-- Exercise materials follows --

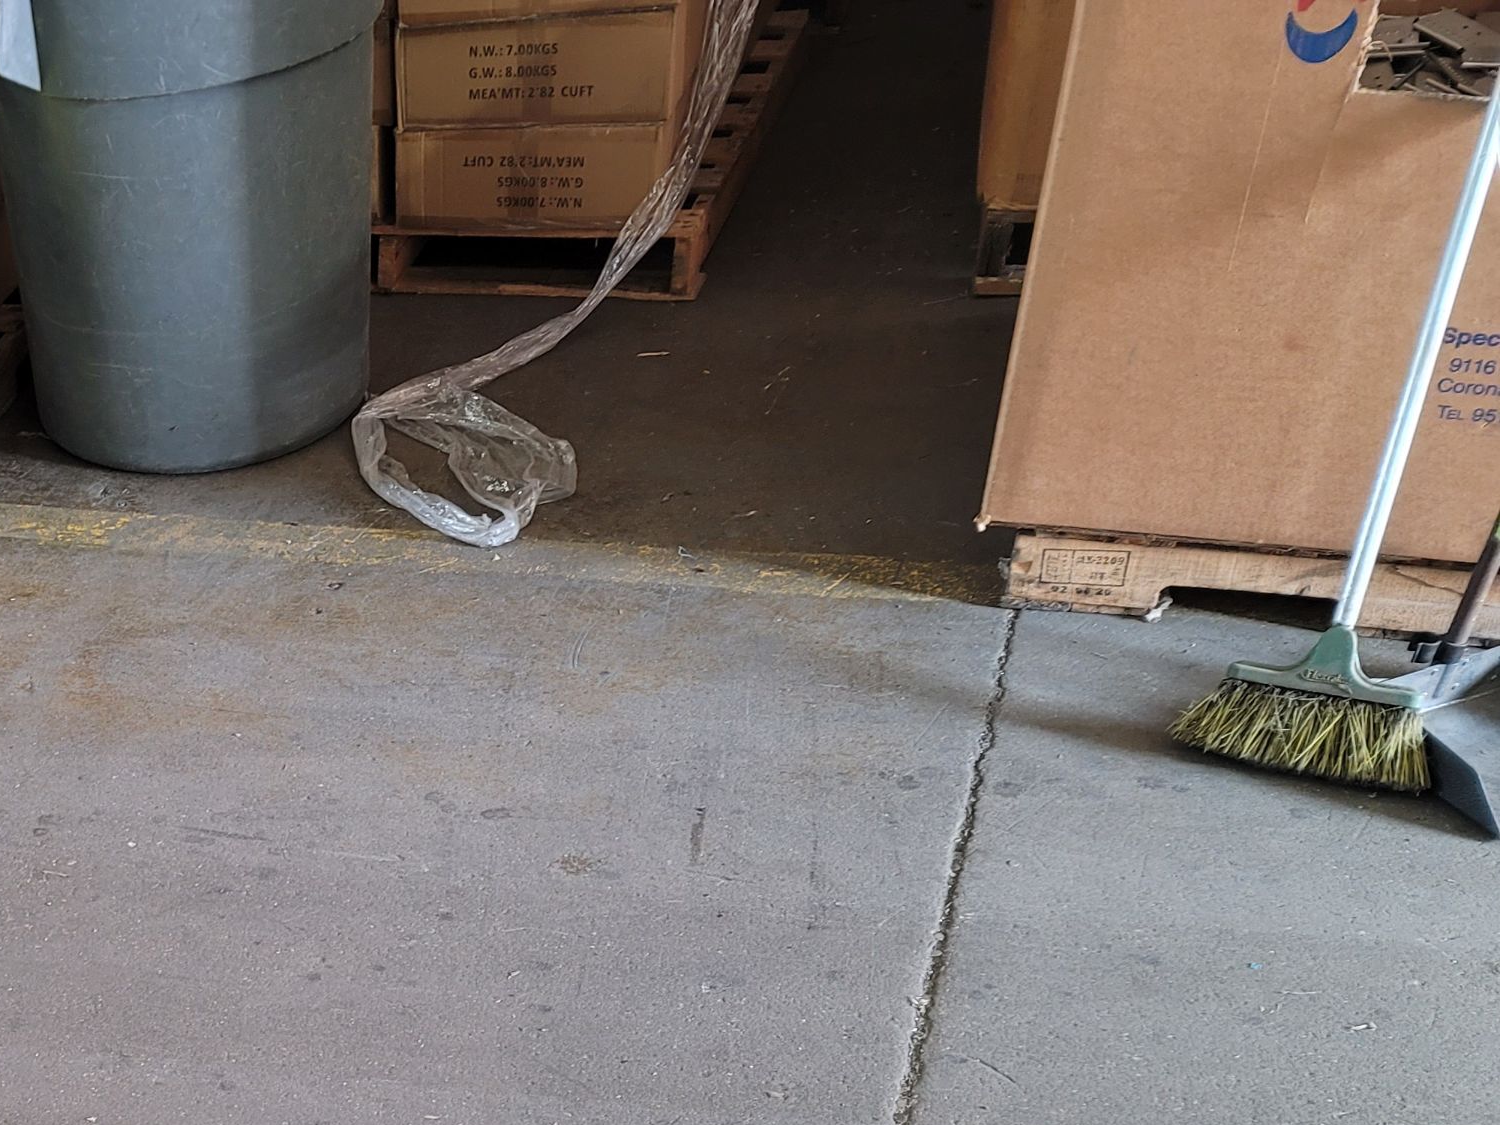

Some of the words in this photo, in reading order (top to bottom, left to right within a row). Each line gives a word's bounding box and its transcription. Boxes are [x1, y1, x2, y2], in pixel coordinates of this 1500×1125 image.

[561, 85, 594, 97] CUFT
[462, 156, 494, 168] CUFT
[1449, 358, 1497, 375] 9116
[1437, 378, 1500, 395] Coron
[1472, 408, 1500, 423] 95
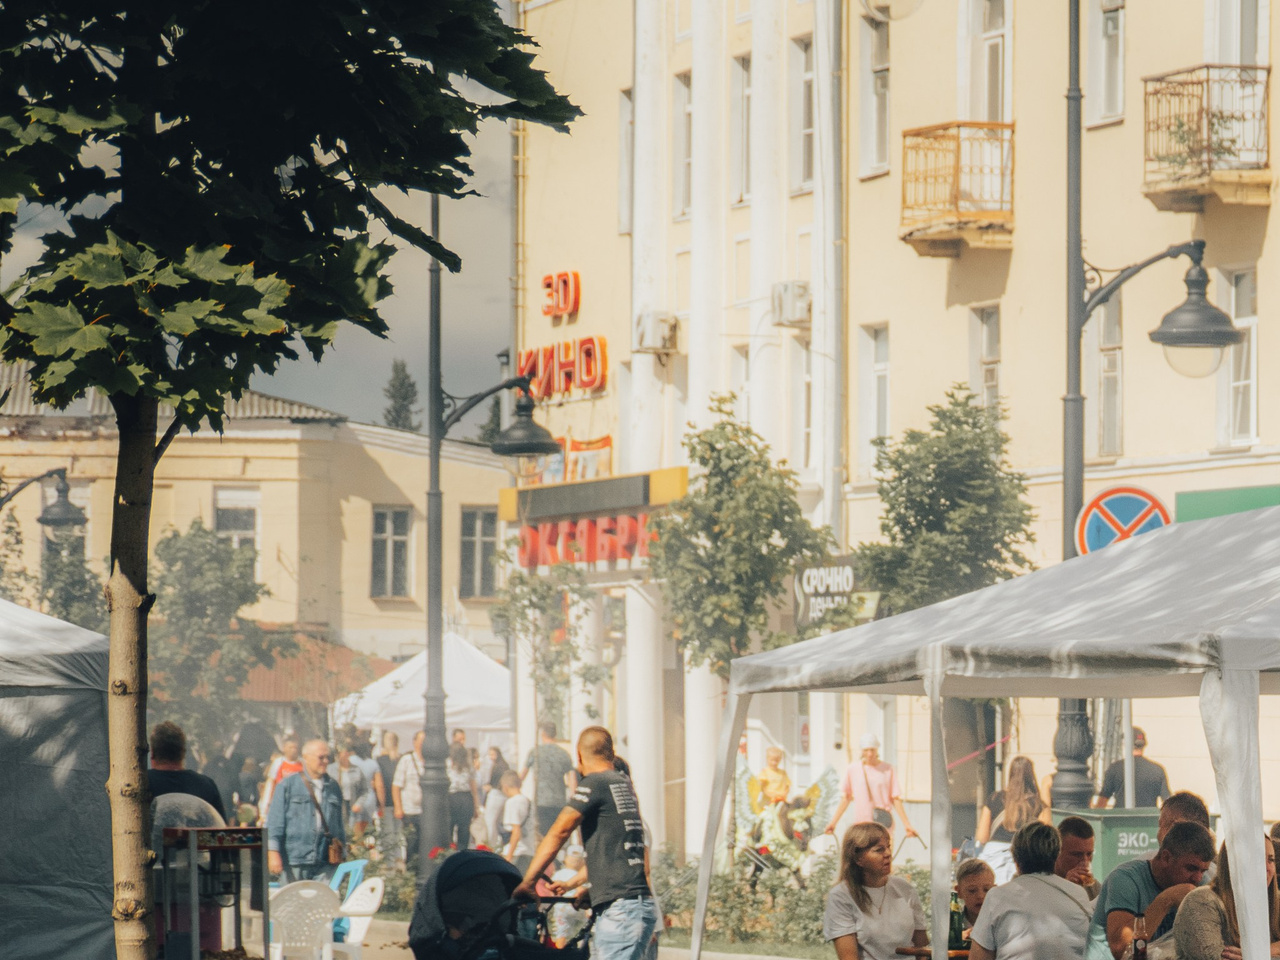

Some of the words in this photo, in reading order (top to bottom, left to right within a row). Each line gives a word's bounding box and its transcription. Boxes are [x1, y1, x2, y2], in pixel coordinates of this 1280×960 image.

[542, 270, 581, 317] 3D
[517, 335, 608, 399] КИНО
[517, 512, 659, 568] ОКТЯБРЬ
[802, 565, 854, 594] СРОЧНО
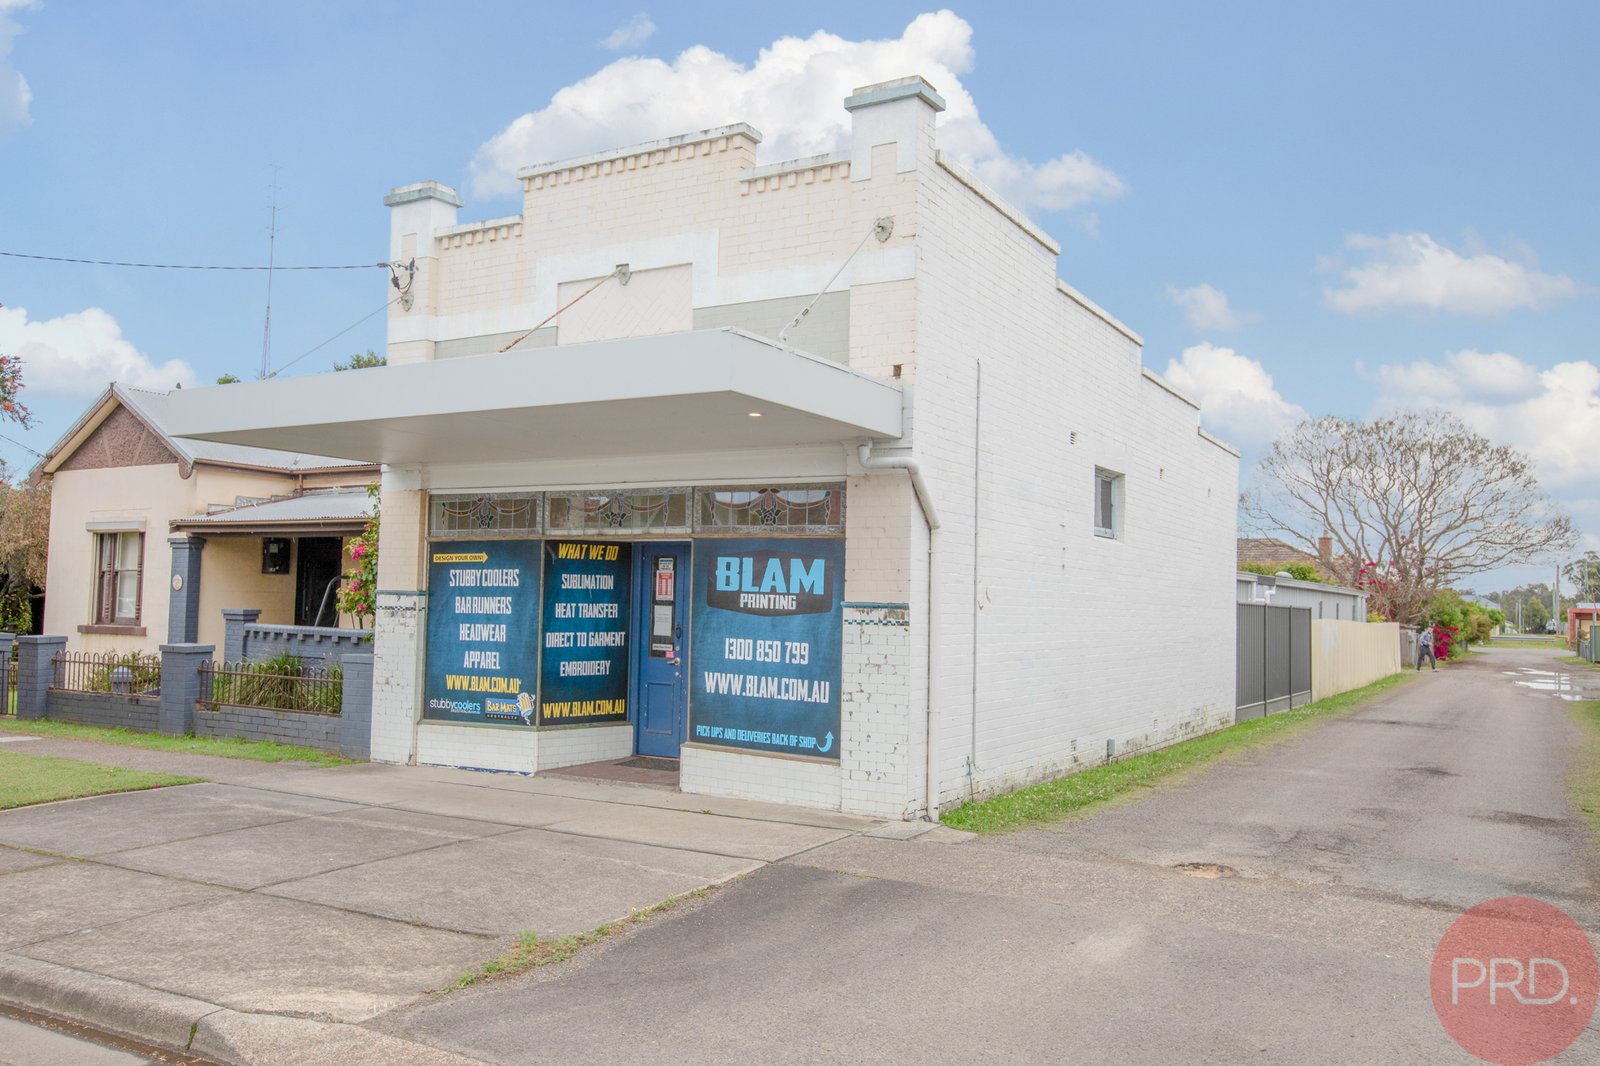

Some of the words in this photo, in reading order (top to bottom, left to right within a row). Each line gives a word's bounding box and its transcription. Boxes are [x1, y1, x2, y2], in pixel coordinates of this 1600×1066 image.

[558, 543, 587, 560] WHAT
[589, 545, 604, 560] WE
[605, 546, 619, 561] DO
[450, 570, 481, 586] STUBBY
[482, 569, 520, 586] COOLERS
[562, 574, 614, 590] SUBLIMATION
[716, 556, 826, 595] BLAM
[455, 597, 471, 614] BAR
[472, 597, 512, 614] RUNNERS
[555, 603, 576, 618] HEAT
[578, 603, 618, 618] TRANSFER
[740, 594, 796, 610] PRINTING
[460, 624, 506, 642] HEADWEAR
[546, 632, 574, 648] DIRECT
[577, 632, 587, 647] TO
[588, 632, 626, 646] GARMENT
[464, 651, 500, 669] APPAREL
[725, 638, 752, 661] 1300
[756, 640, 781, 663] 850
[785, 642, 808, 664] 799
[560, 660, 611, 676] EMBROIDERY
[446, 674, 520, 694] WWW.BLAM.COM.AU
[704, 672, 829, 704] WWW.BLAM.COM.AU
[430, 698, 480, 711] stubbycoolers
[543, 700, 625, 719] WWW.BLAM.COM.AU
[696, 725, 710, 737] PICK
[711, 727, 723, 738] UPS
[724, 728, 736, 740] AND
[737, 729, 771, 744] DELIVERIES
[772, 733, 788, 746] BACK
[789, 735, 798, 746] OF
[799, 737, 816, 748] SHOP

-- Exercise materials concluded --

Output the records above verbatim. Pictures stay out.

Some of the words in this photo, in reading order (top to bottom, left to right within a row). Each line gives a word's bounding box and its transcription. Boxes are [x1, y1, x2, y2], in pixel coordinates of this 1500×1125 image.

[561, 85, 594, 97] CUFT
[462, 156, 494, 168] CUFT
[1449, 358, 1497, 375] 9116
[1437, 378, 1500, 395] Coron
[1472, 408, 1500, 423] 95

Some of the words in this photo, in reading order (top to bottom, left to right within a row). Each line gives a word's bounding box and its transcription. Boxes are [x1, y1, x2, y2], in pixel coordinates of this 1280×960 image.

[542, 270, 581, 317] 3D
[517, 335, 608, 399] КИНО
[517, 512, 659, 568] ОКТЯБРЬ
[802, 565, 854, 594] СРОЧНО

Some of the words in this photo, in reading order (top to bottom, left to right within a row). Each line gives a word's bounding box and its transcription. Boxes are [x1, y1, x2, y2], in pixel coordinates of this 1600×1066 image.

[558, 543, 587, 560] WHAT
[589, 545, 604, 560] WE
[605, 546, 619, 561] DO
[450, 570, 481, 586] STUBBY
[482, 569, 520, 586] COOLERS
[562, 574, 614, 590] SUBLIMATION
[716, 556, 826, 595] BLAM
[455, 597, 471, 614] BAR
[472, 597, 512, 614] RUNNERS
[555, 603, 576, 618] HEAT
[578, 603, 618, 618] TRANSFER
[740, 594, 796, 610] PRINTING
[460, 624, 506, 642] HEADWEAR
[546, 632, 574, 648] DIRECT
[577, 632, 587, 647] TO
[588, 632, 626, 646] GARMENT
[464, 651, 500, 669] APPAREL
[725, 638, 752, 661] 1300
[756, 640, 781, 663] 850
[785, 642, 808, 664] 799
[560, 660, 611, 676] EMBROIDERY
[446, 674, 520, 694] WWW.BLAM.COM.AU
[704, 672, 829, 704] WWW.BLAM.COM.AU
[430, 698, 480, 711] stubbycoolers
[543, 700, 625, 719] WWW.BLAM.COM.AU
[696, 725, 710, 737] PICK
[711, 727, 723, 738] UPS
[724, 728, 736, 740] AND
[737, 729, 771, 744] DELIVERIES
[772, 733, 788, 746] BACK
[789, 735, 798, 746] OF
[799, 737, 816, 748] SHOP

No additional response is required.